U of A Funds Summer School Sessions to Boost English Learning
The first day of school for some Springdale kindergartners wasn’t so unfamiliar after they spent two weeks attending a University of Arkansas-funded summer school for children who are English language learners.
That was just one small side benefit of a program that focused on improving reading and math skills for children in kindergarten through seventh grades.
“The kids who will be going into kindergarten are from preschool,” said Kimberlyn Gibson, director of the session for children in kindergarten through third grade. “They had never been to their new school. Now, we think the first day of school will be a breeze. They have been in the rooms and they are used to the structure. They got to meet their principals and to go through the arrival and dismissal process.”
Children attending the middle school for the first time will also be more confident, said Shelly McKeever, director of the session for children in fourth through seventh grades. Both sessions ended Aug. 3
“I feel like they have a head start on being language learners, and they are also getting a boost in math,” she said. “This is giving them confidence and the language will start coming. We are also seeing personal relationships develop between children and teachers.”
Gibson, Project CONNECT director, and McKeever, Project SOAR director, coordinated the sessions under the direction of Janet Penner-Williams, an associate professor of educational leadership. Penner-Williams received two five-year grants of about $2.7 million last year each from the U.S. Department of Education to increase the number of educators prepared to teach English language learners in Arkansas schools.
Penner-Williams partnered with the Springdale School District and the Arkansas Department of Education. In addition to the outreach efforts for parent, family and community engagement, such as the ESL sessions attended by 132 children, the grants pay for a limited number of Springdale teachers and U of A students to take courses to add the English as a second language endorsement or complete a new 15-credit-hour graduate certificate in Teaching English to Speakers of Other Languages.

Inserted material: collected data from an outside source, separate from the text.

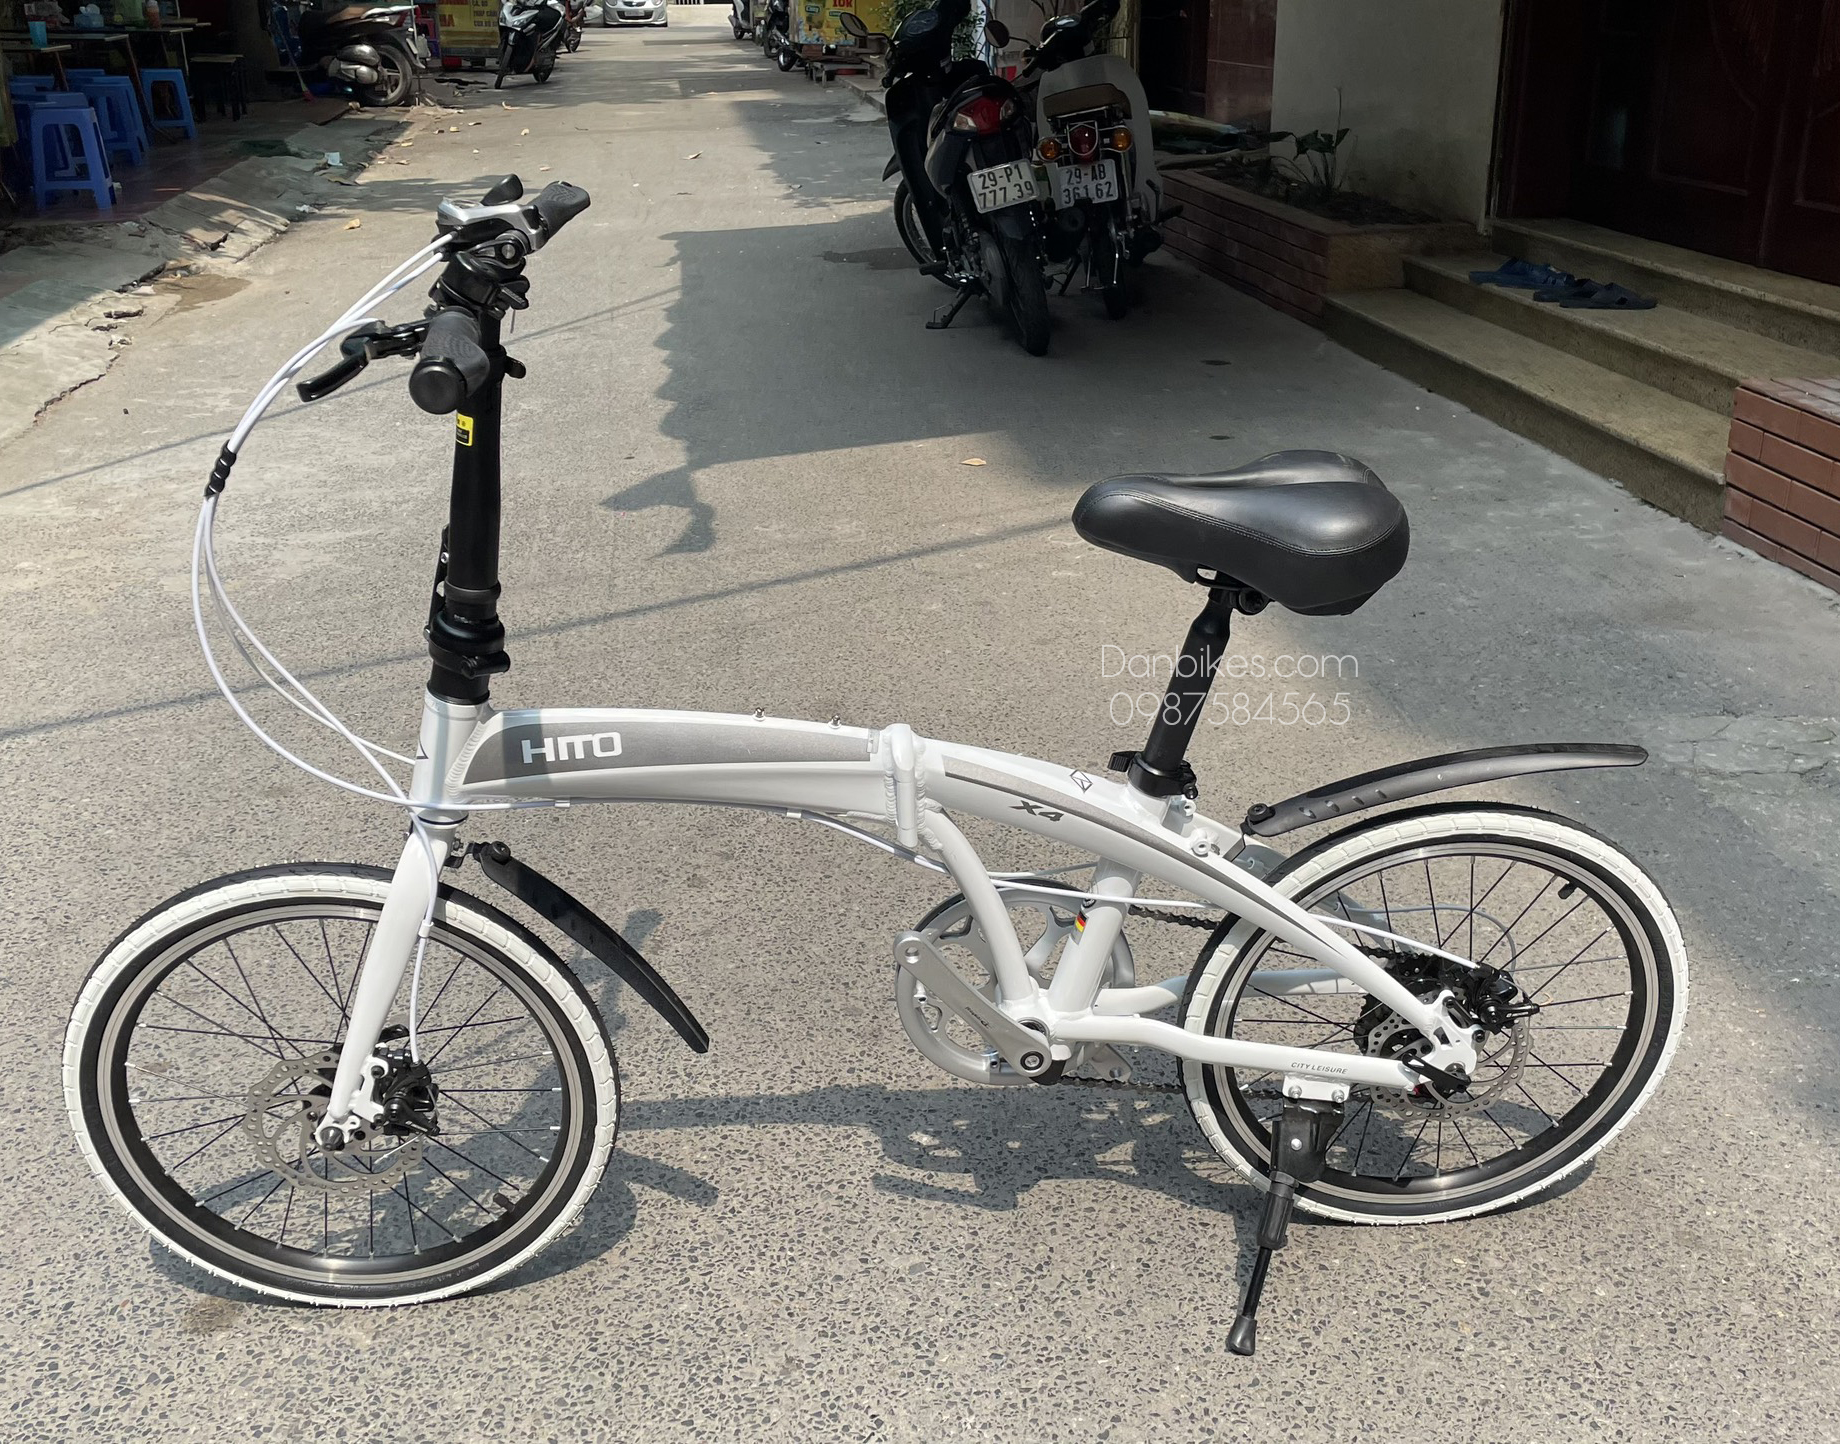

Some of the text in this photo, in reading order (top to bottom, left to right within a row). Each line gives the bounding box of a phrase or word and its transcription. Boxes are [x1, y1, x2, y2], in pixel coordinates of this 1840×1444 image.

[978, 164, 1023, 190] 29-P1
[978, 180, 1035, 209] 777.39
[1062, 181, 1114, 204] 361.62
[521, 731, 622, 764] HITO
[1008, 799, 1065, 822] X4
[1290, 1061, 1349, 1075] CITY LEISURE
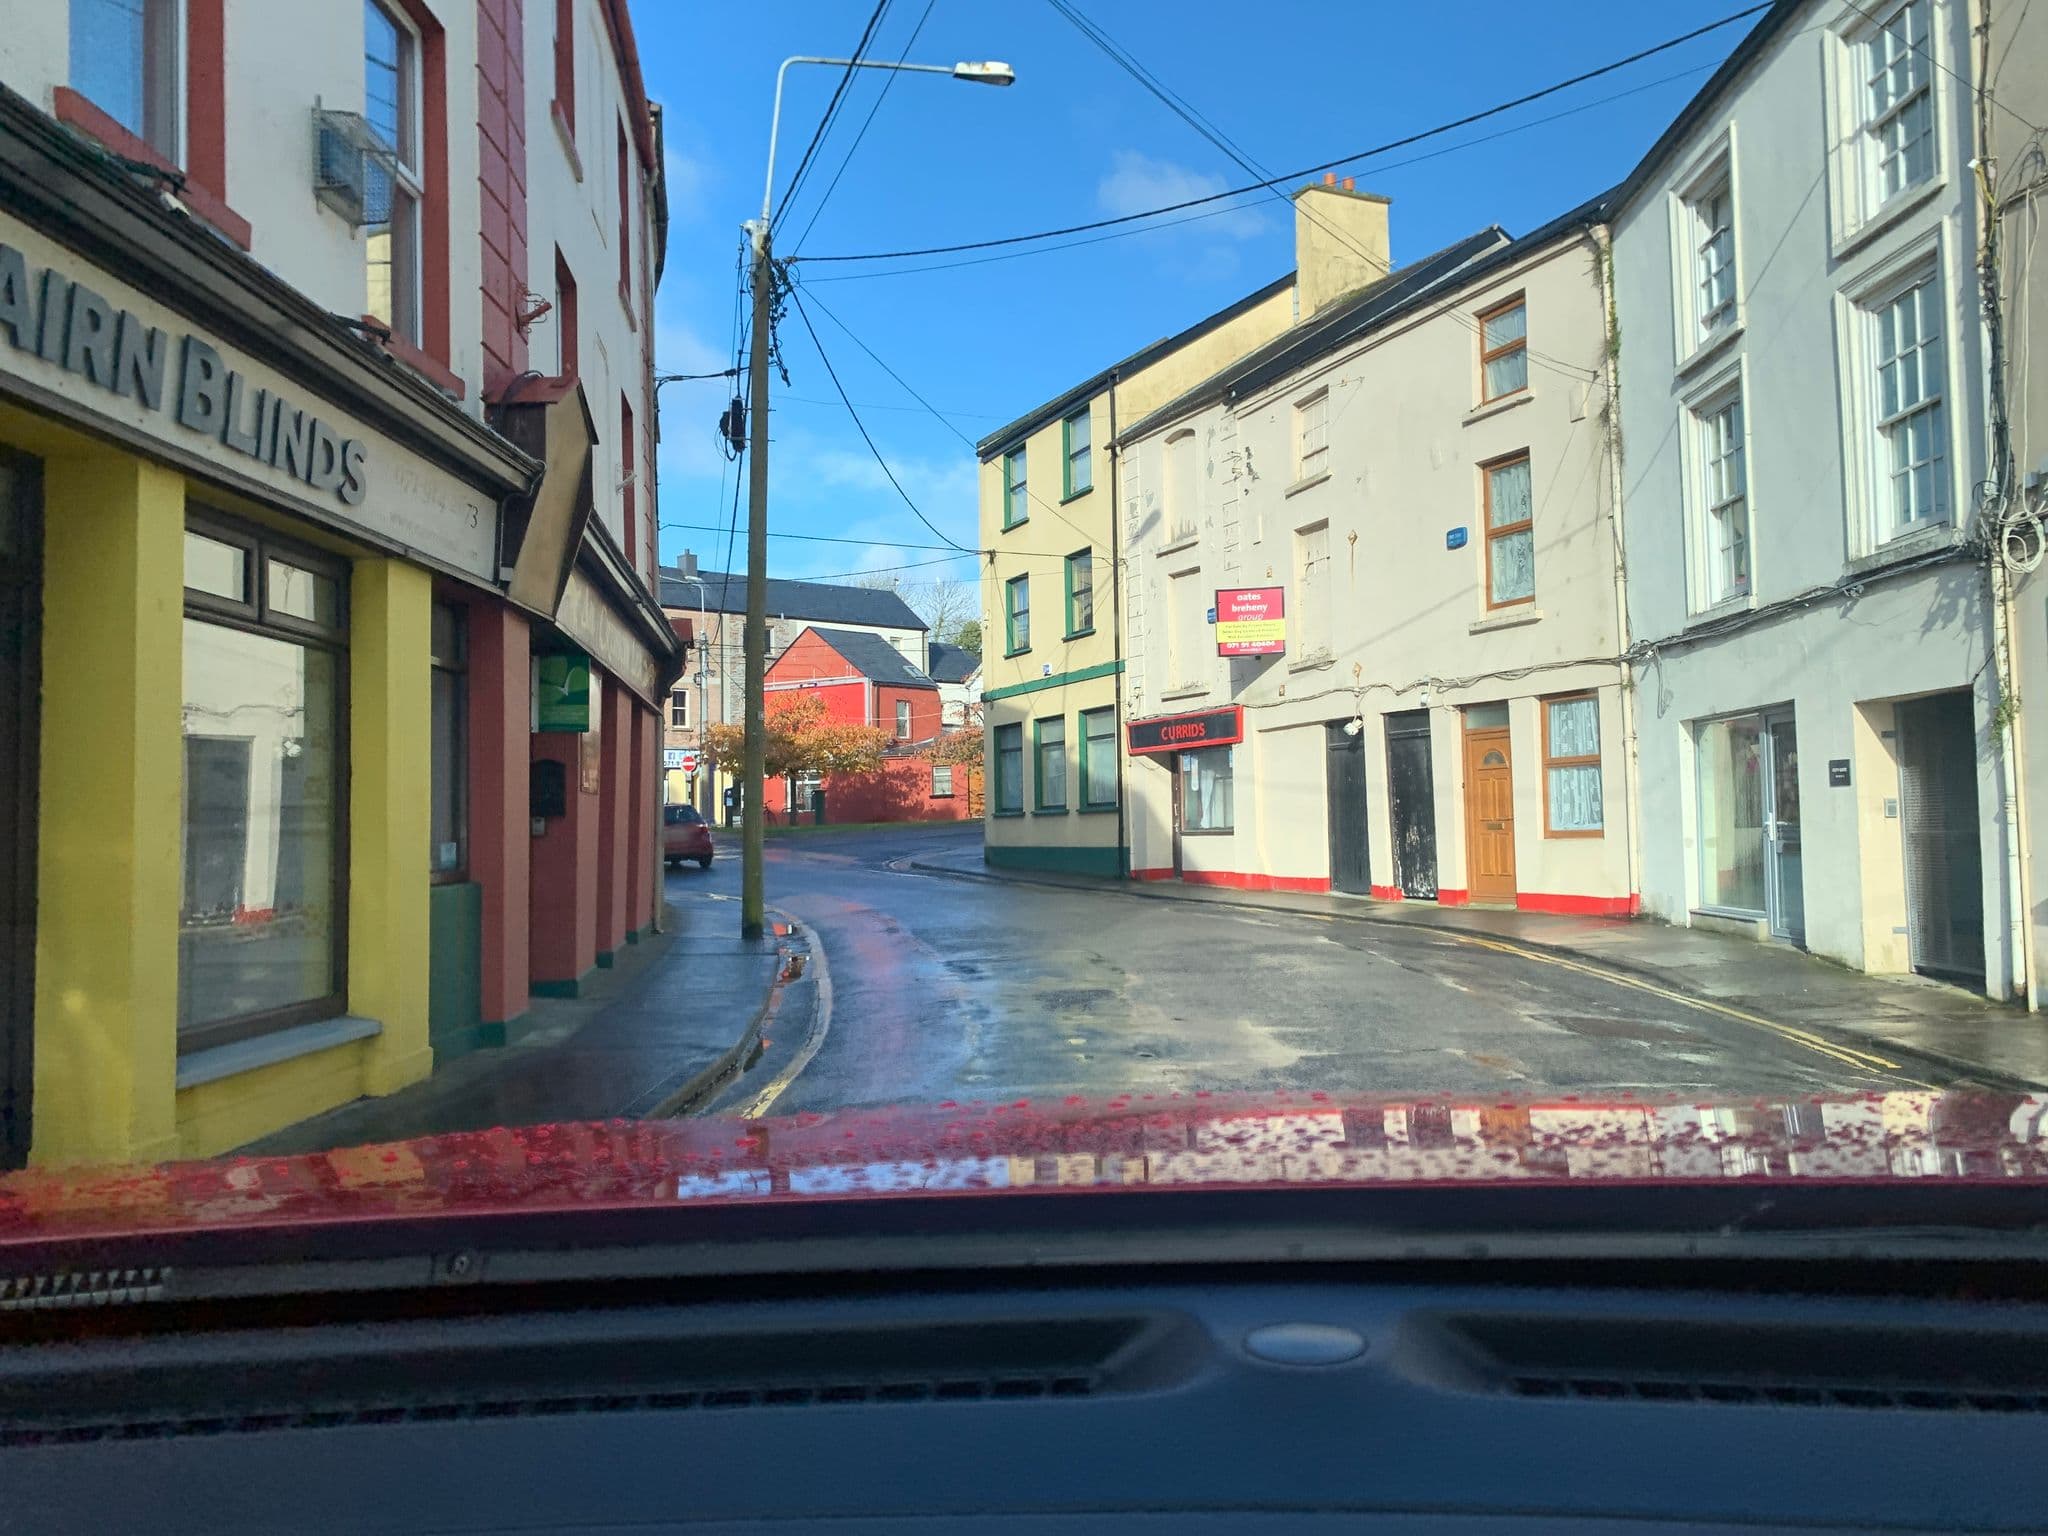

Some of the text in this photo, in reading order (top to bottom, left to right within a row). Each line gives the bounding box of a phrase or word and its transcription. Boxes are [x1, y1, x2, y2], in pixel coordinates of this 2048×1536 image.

[178, 334, 367, 505] BLINDS
[1236, 593, 1262, 601] oates
[1231, 604, 1268, 613] breheny
[1161, 722, 1206, 740] CURRIDS

Gibson and McKeever recruited 32 teachers in the Springdale schools to work with the children. After teachers applied, the directors observed them in their classrooms, looking for best ESL teaching strategies and culturally responsive methods. Three days before the summer school sessions started, Gibson and McKeever teamed up with the Springdale district’s ESL department to provide professional development for the participating teachers.
The directors invited children to attend based on their reading levels from data collected last winter and spring, McKeever said. The sessions focused not on children with newly emerging language abilities but on those who are progressing but not yet proficient.
“We wanted to work with ones who are getting closer to being proficient in English,” she said. “The ones who need an extra push before starting school this year. We’re anxious to see their scores this fall and see if the summer school provided a boost.”
Teacher-to-student ratios were small, usually one teacher to six students, McKeever said, giving teachers a chance to evaluate students after a few days with them to see where their needs were and direct the curriculum in an individualized way, further challenging the students.
Parents also attended a preliminary session to learn about what would happen during summer school. They received bags of books in English, Spanish and Marshallese, journals and ideas for activities so they could work at home with their children attending summer school, along with siblings and cousins. Translators were available at the schools to help parents understand.
“I heard one child say, ‘I didn’t know about going to school two weeks before we have to go to school but I’m having fun and I feel like I’m learning,'” McKeever said.
University of Arkansas teacher-education undergraduate students – some getting their first experience in classrooms, Master of Arts in Teaching students and recent graduates also worked at the sessions.
The new graduates have teaching jobs and can take what they learned and apply it in their classrooms, McKeever said.